To me, it’s as clear as day that Australians hate their new economy. And, at face value, what’s to like? Although the MSM drones on about our good fortune, the fact is, it’s not like the old times. Back then, blind Freddy could get rich, just buy a house, then another! So long as you could service the mortgage, you were a genius. And the rising costs around you didn’t matter.

Well, no longer, and it’s hurting all sorts of people and institutions. Take the above chart, for instance. I’ve no doubt that the current Federal government is largely responsible for its low standing in the polls. Policy backflips, knifing leaders, carbon taxes, failed asylum-seeker policies, piss weak communication and minority government are all playing a role. But I’ve equally no doubt that the interest rate rises that have accompanied the “adjustment” to the mining boom have upset a lot of folk.

Interestingly, to date, the RBA has marched through this conflict unscathed. Recently, union boss Paul Howes had a bit of a dig, but apart from that, the RBA has stood apart, even though it is the one wielding the axe and it is also the one that most often made the case for the “adjustment” to mining-led growth (this is not a judgement, it’s an observation).

However, I suspect the calm at the eye of the battle is about to ruffle.

It is one thing to be raising interest rates, or threatening to, when jobs are raining from the heavens. You’re an economic warrior then, gleaming with righteous sweat as you hike the monetary mountain and slay the inflation dragon.

But what about when jobs start drying up, which is where we are now? A whole series of indicators have shown a turning point in the labour market has already passed and an increasing number of private banks are forecasting unemployment rises to 5.5% and even 6% next year. What happens when the RBA straps on its gauntlets and announces its intention to defend the “adjustment” to mining led growth when the peasants are starving? Then heroism starts to look like tyranny (again, no judgement intended).
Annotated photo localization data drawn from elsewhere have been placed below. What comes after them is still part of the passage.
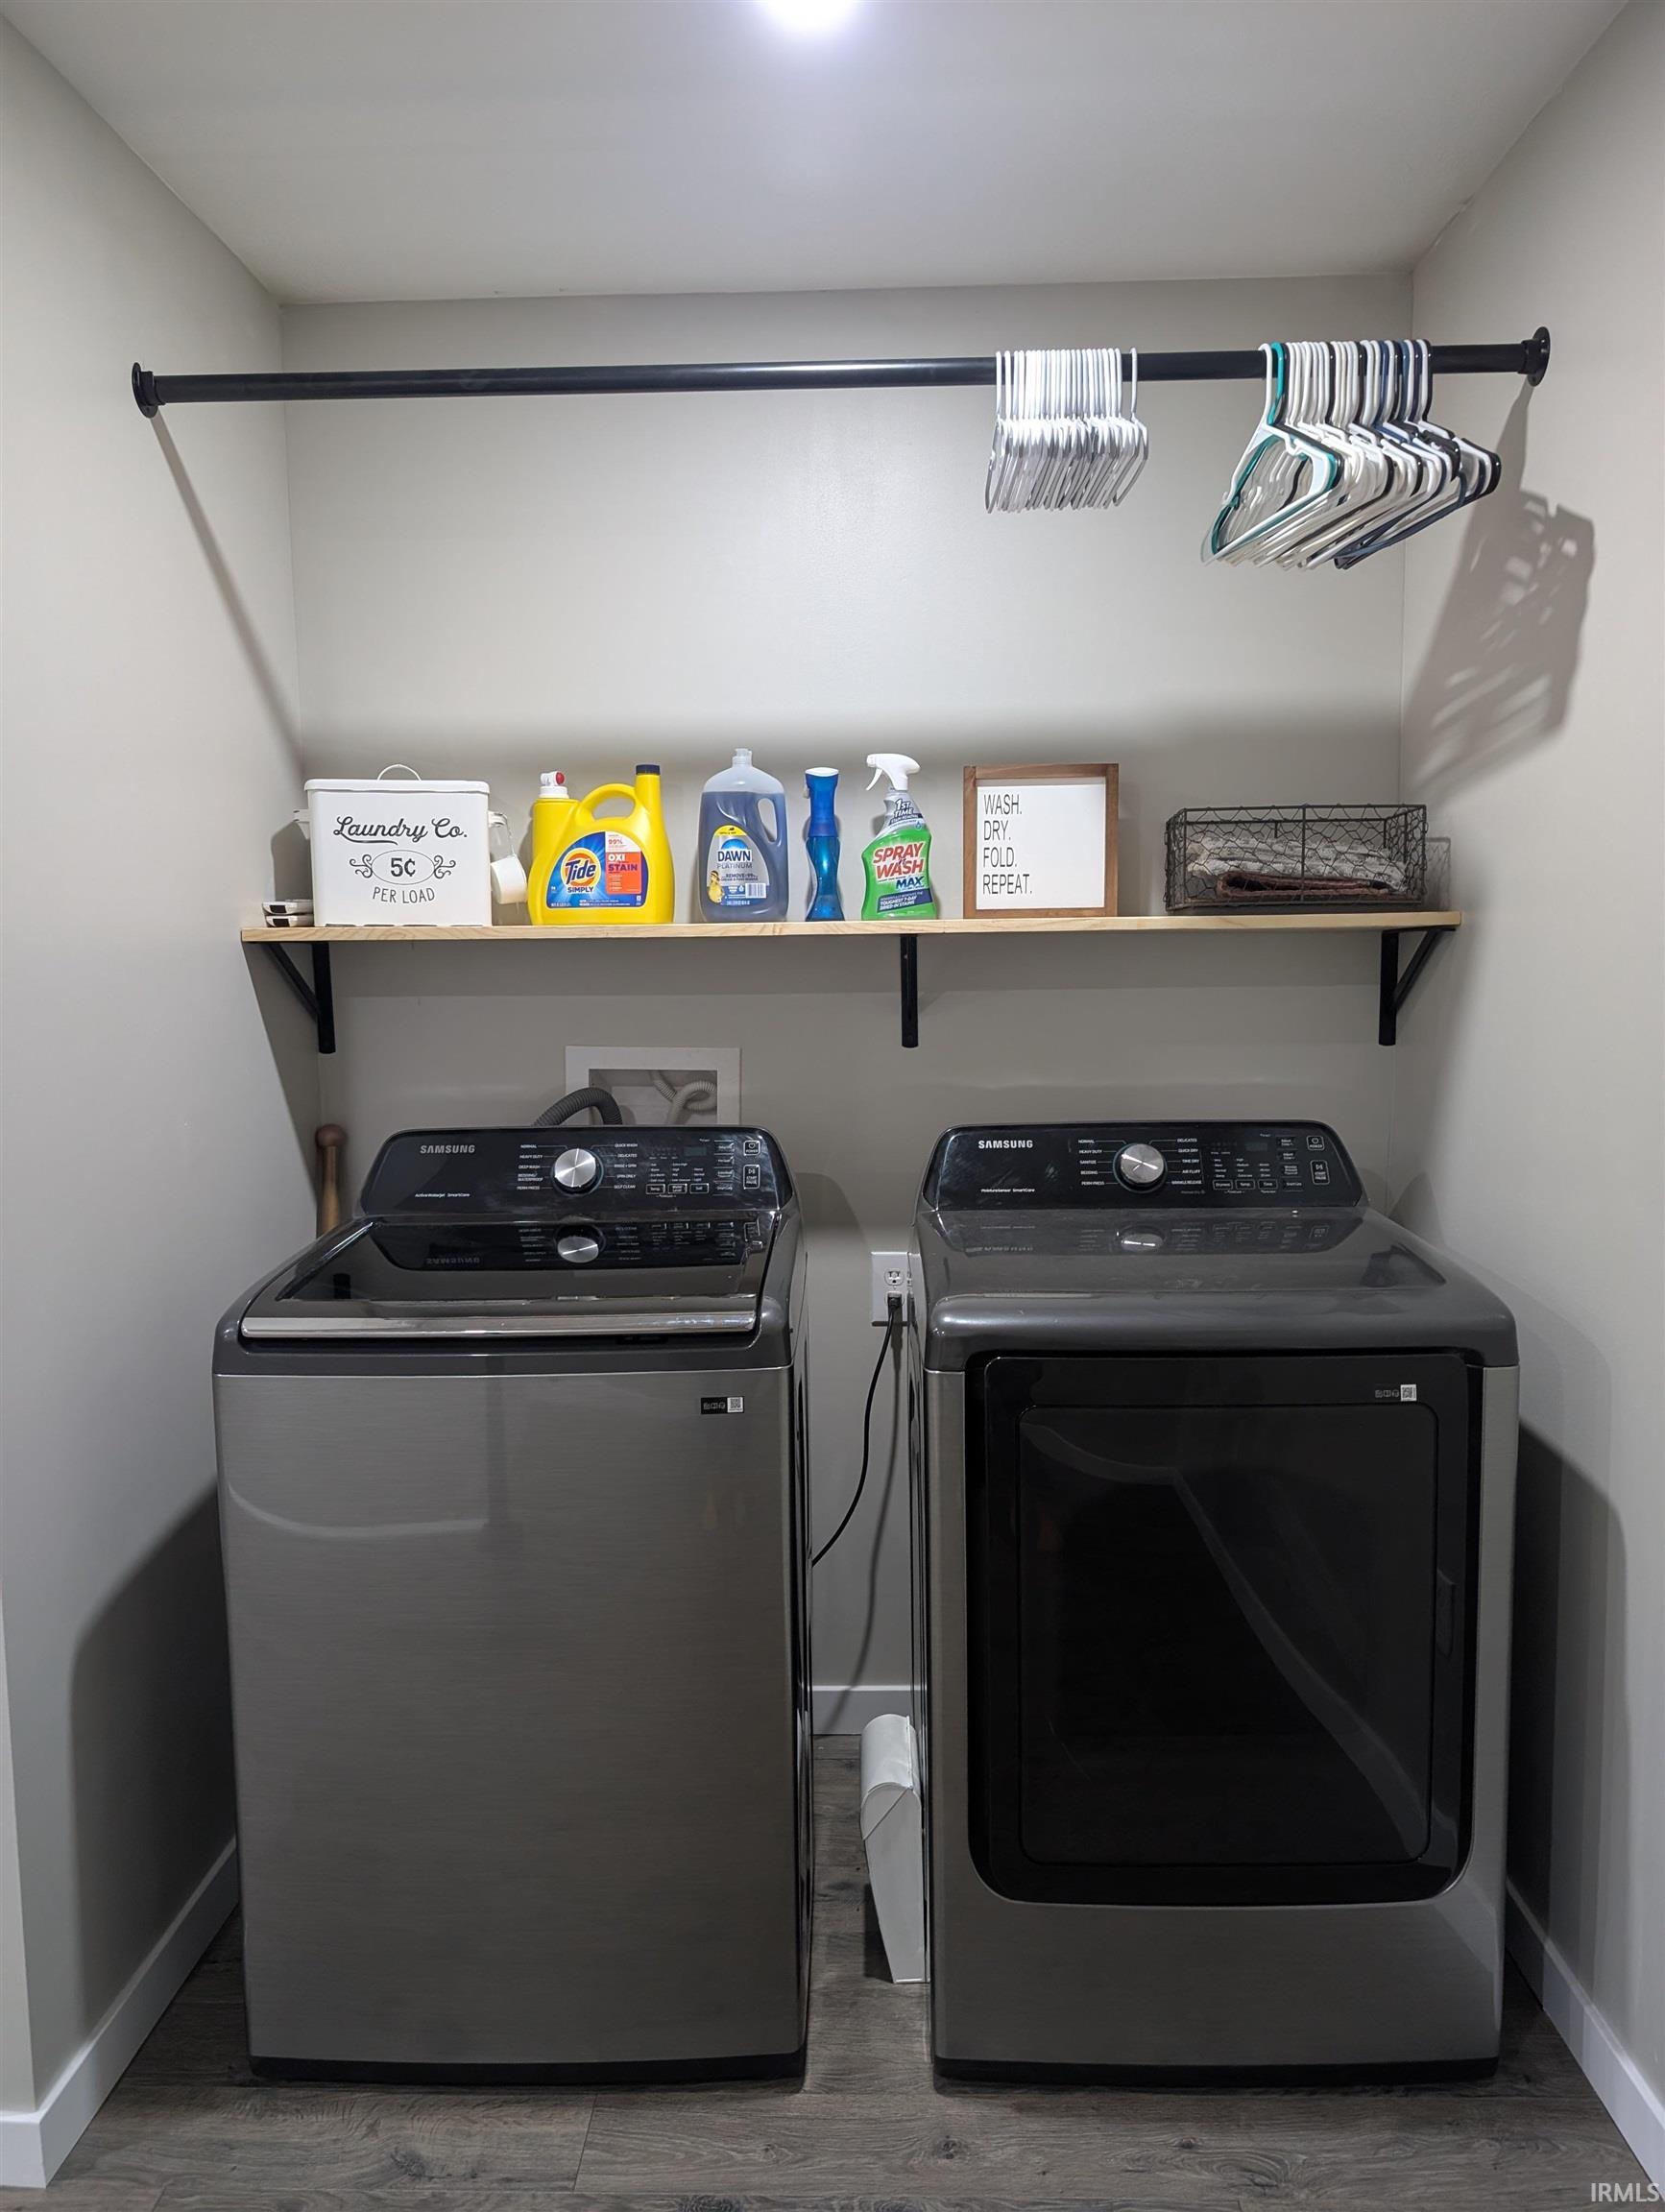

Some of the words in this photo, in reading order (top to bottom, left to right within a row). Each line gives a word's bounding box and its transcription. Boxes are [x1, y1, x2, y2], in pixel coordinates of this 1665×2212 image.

[894, 808, 914, 818] TIME
[895, 798, 910, 810] 1ST
[983, 793, 1023, 815] WASH.
[332, 816, 429, 846] Laundry
[431, 817, 468, 838] Co.
[983, 819, 1011, 841] DRY.
[717, 850, 751, 862] DAWN
[872, 842, 925, 864] SPRAY
[982, 847, 1018, 868] FOLD.
[390, 857, 416, 878] 5¢
[565, 859, 596, 885] Tide
[608, 863, 638, 872] STAIN
[876, 858, 925, 879] WASH
[896, 876, 924, 890] MAX
[982, 874, 1032, 895] REPEAT.
[373, 886, 397, 903] PER
[402, 887, 436, 903] LOAD
[420, 1144, 475, 1154] SAMSUNG
[977, 1140, 1033, 1149] SAMSUNG
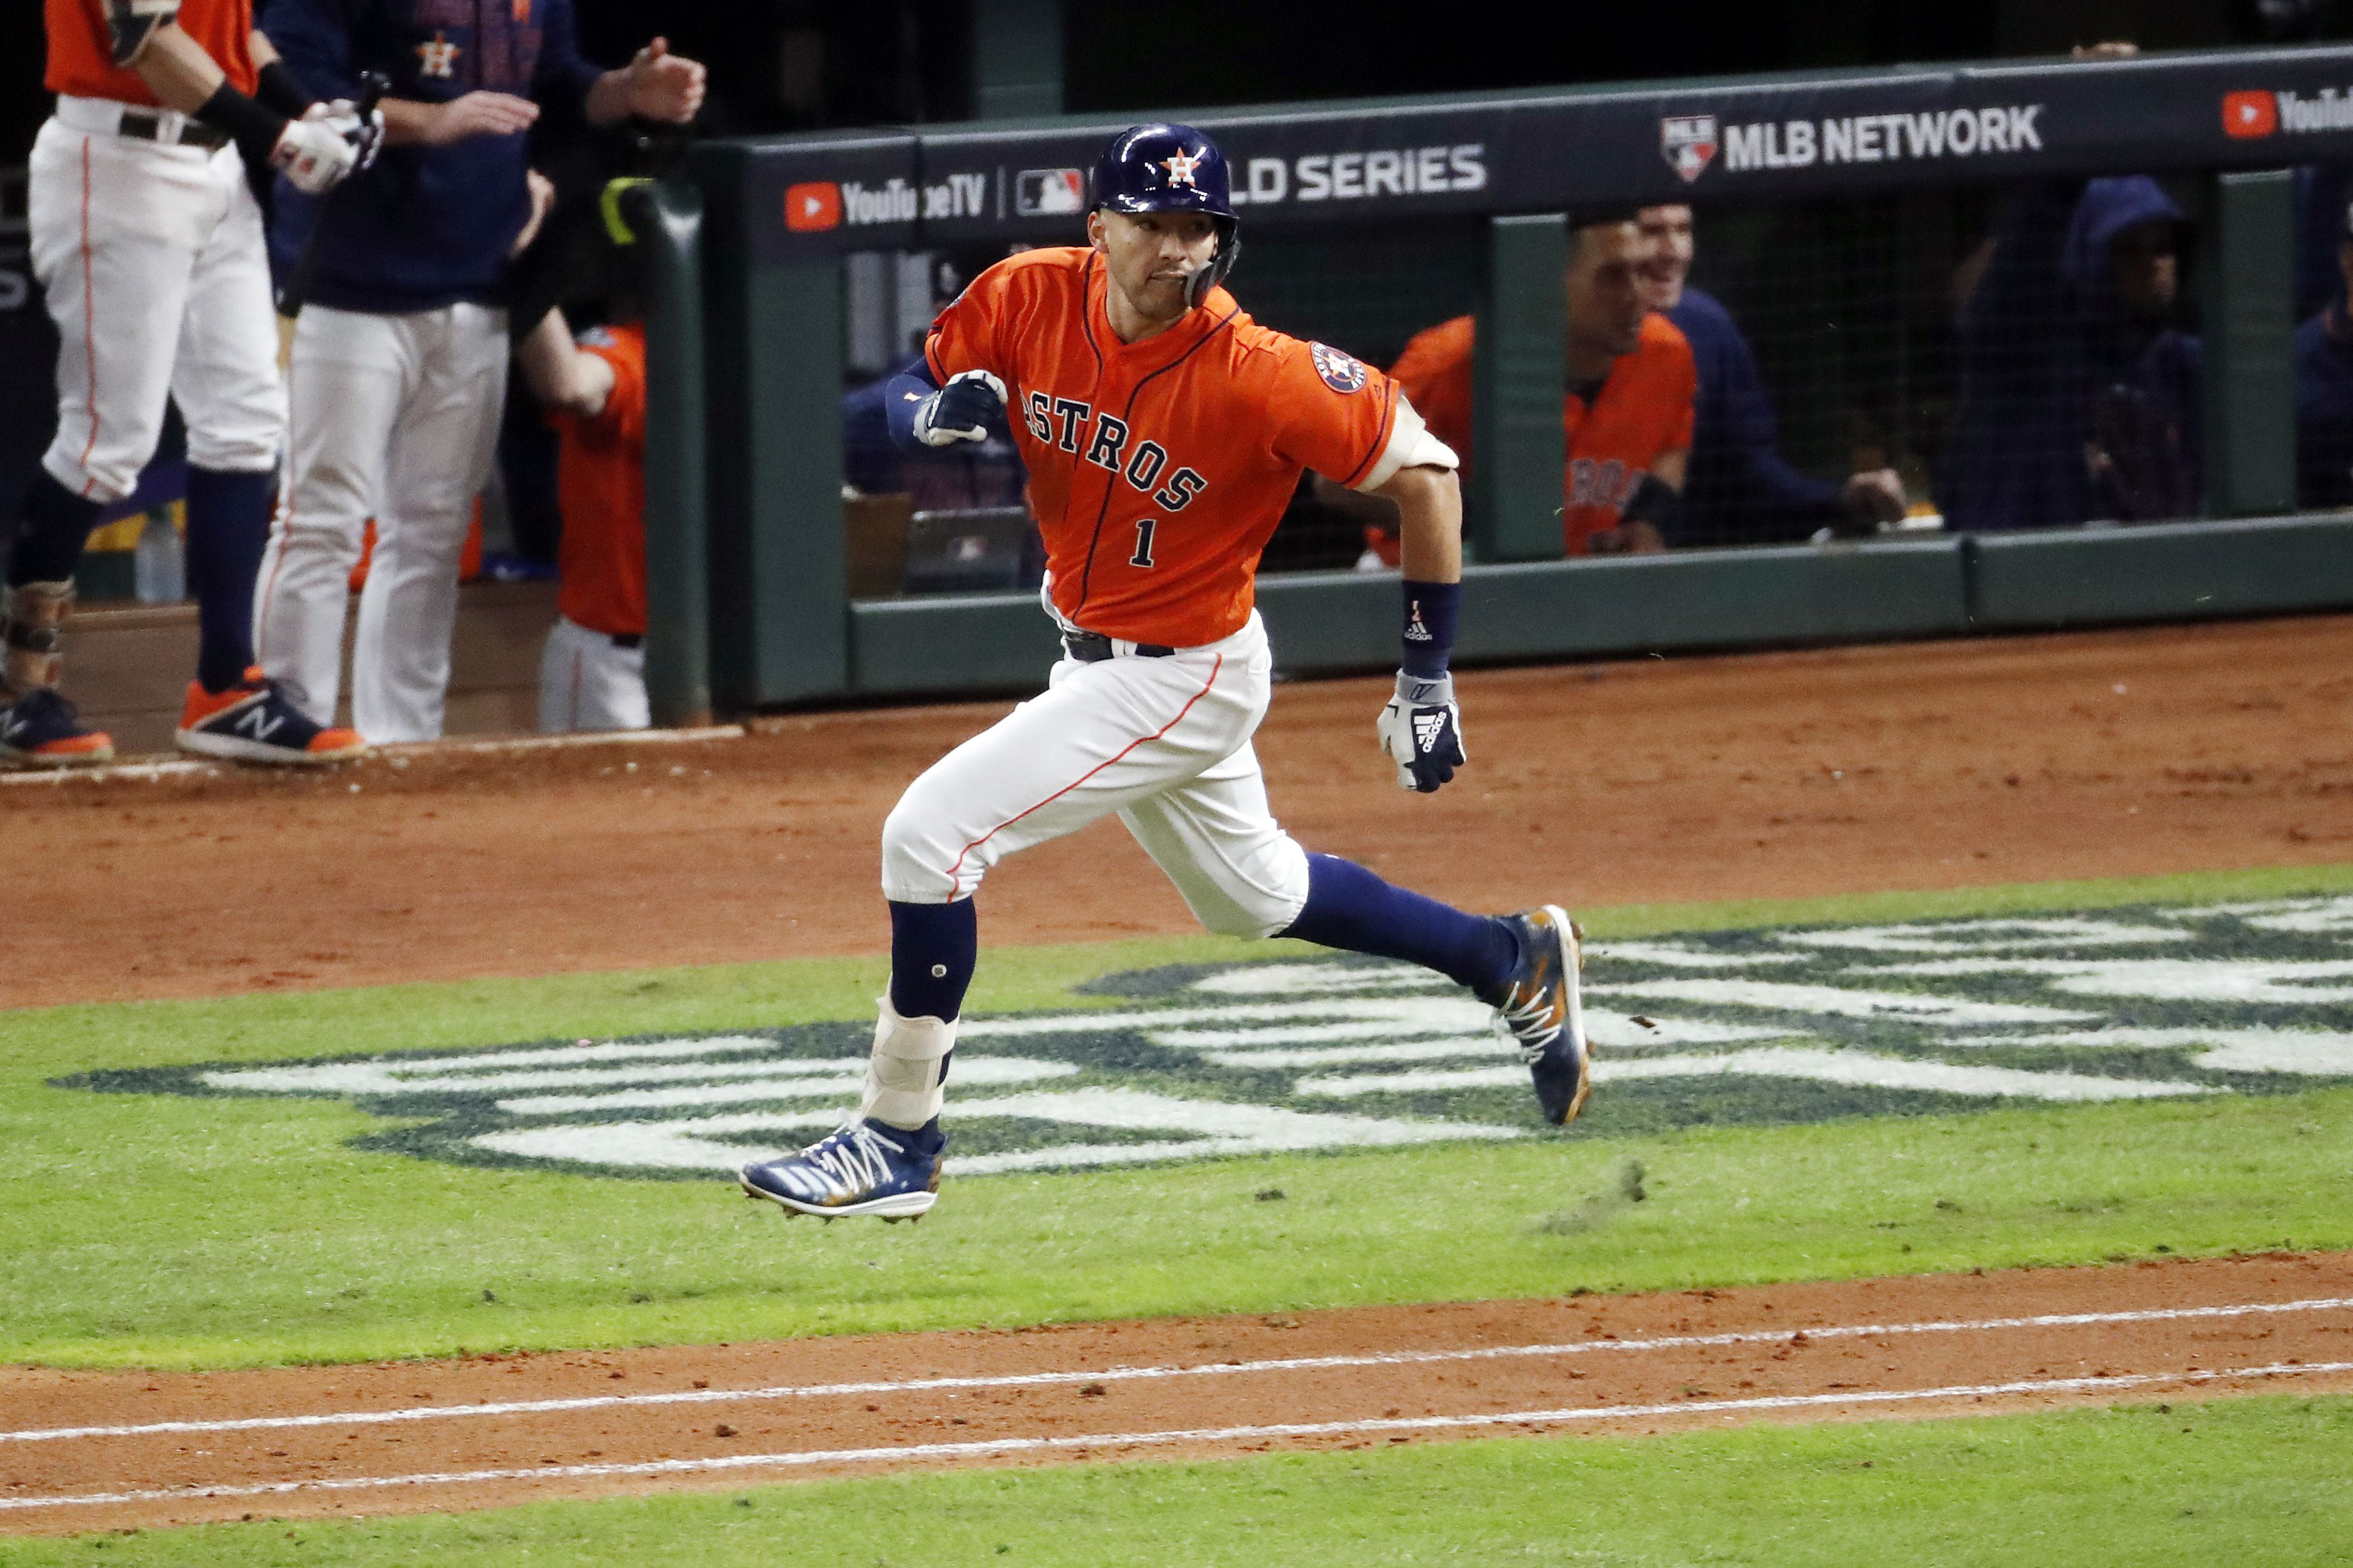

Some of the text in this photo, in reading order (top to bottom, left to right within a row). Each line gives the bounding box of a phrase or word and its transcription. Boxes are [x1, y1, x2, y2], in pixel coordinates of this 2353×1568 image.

Even the hapless leaders on the receiving end of the adjustment can figure this one out. They’ll come for the RBA, stoking their hordes into a wild battle cry for lower interest rates, whether it’s to boost housing or to lower the dollar. Depending on how things go, the entire services economy could turn on the, to date, ignored generals sitting on the hill.

Hysterical demands for 50bps cuts are coming from all directions now, despite a stickily low unemployment rate. Still, what degree of slack there is the in the labour market was very clear in the first quarter NAB survey and showed disinflation surging through the economy.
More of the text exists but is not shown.